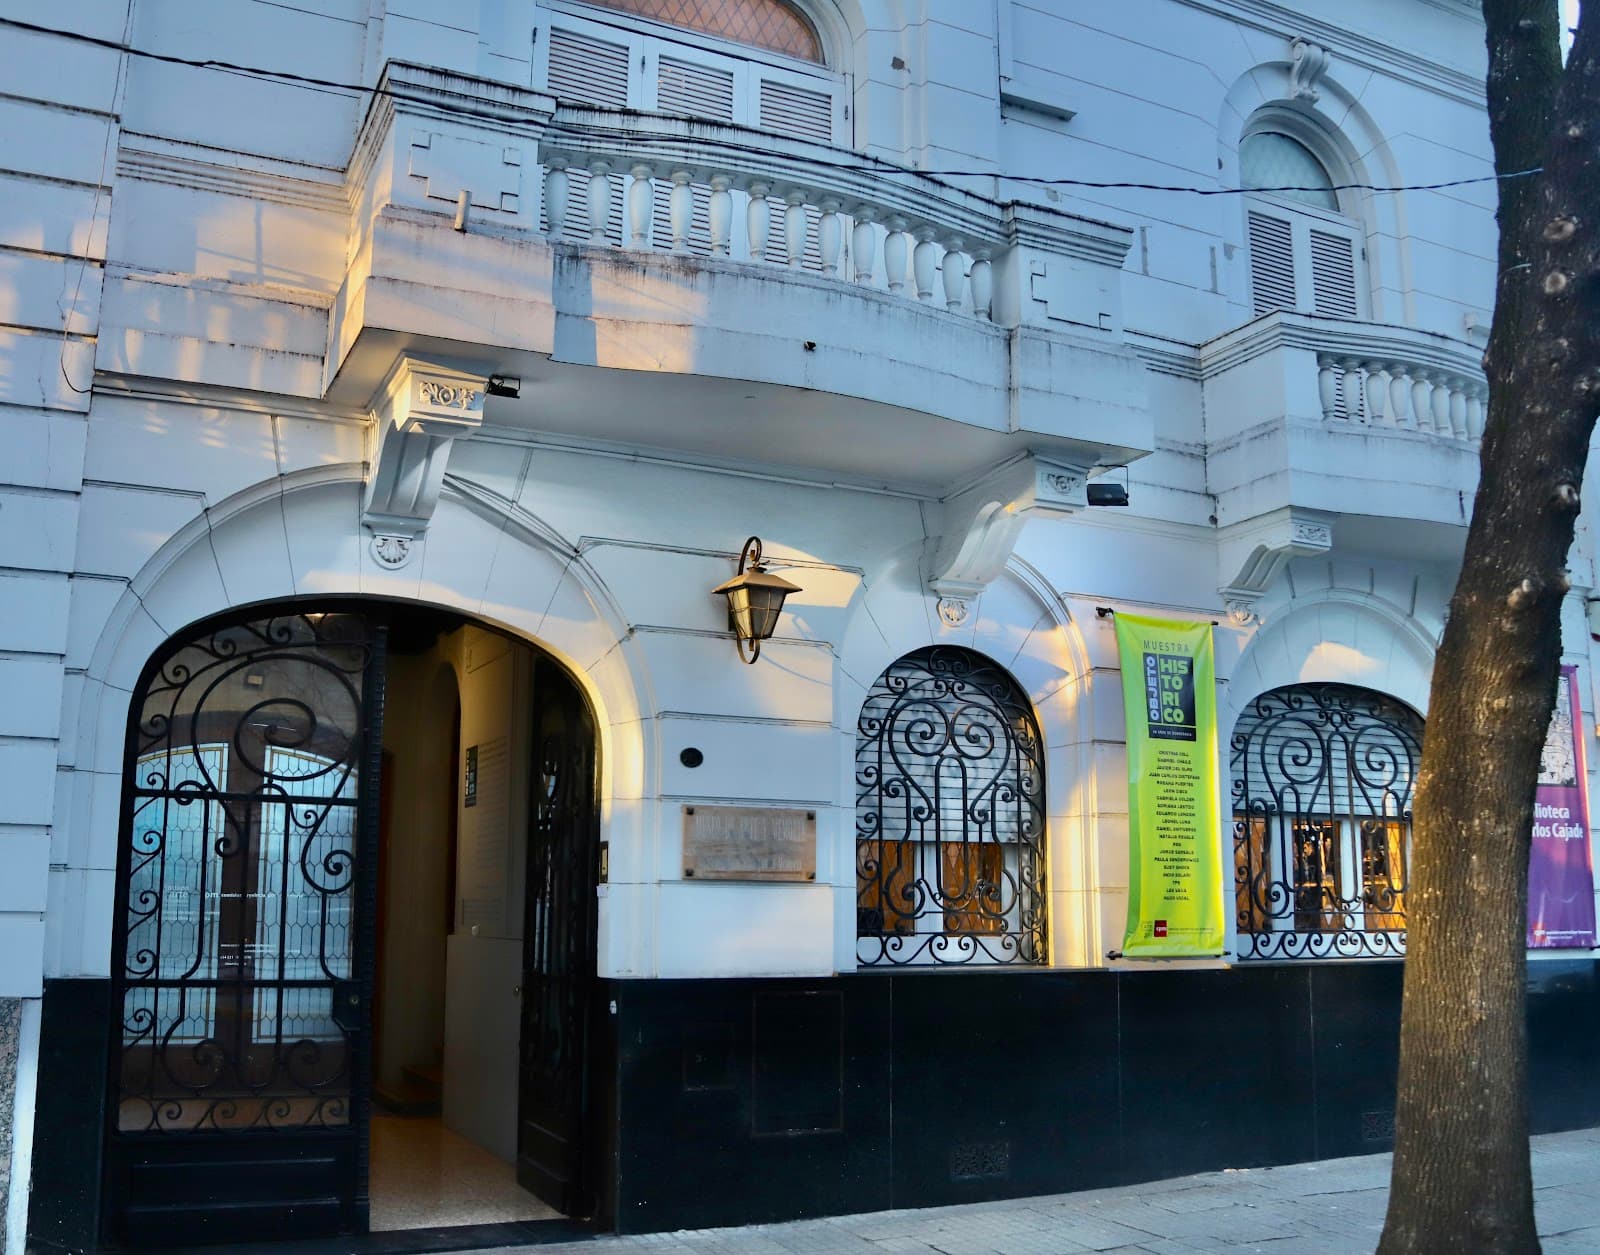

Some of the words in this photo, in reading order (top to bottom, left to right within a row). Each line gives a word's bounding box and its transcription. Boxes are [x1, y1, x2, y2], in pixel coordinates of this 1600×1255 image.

[1143, 640, 1189, 652] MUESTRA
[1160, 658, 1188, 674] HIS
[1146, 656, 1159, 720] OBJETO
[1162, 691, 1179, 706] RI
[1163, 707, 1184, 723] CO
[1533, 802, 1570, 819] lioteca
[1532, 822, 1551, 838] rlos

* _Action item_
The records must be copied with no word altered, and without their pictures.

* _Solution for this task_
Some of the words in this photo, in reading order (top to bottom, left to right within a row). Each line gives a word's bounding box and its transcription. Boxes are [x1, y1, x2, y2], in pixel coordinates of this 1600×1255 image.

[1143, 640, 1189, 652] MUESTRA
[1160, 658, 1188, 674] HIS
[1146, 656, 1159, 720] OBJETO
[1162, 691, 1179, 706] RI
[1163, 707, 1184, 723] CO
[1533, 802, 1570, 819] lioteca
[1532, 822, 1551, 838] rlos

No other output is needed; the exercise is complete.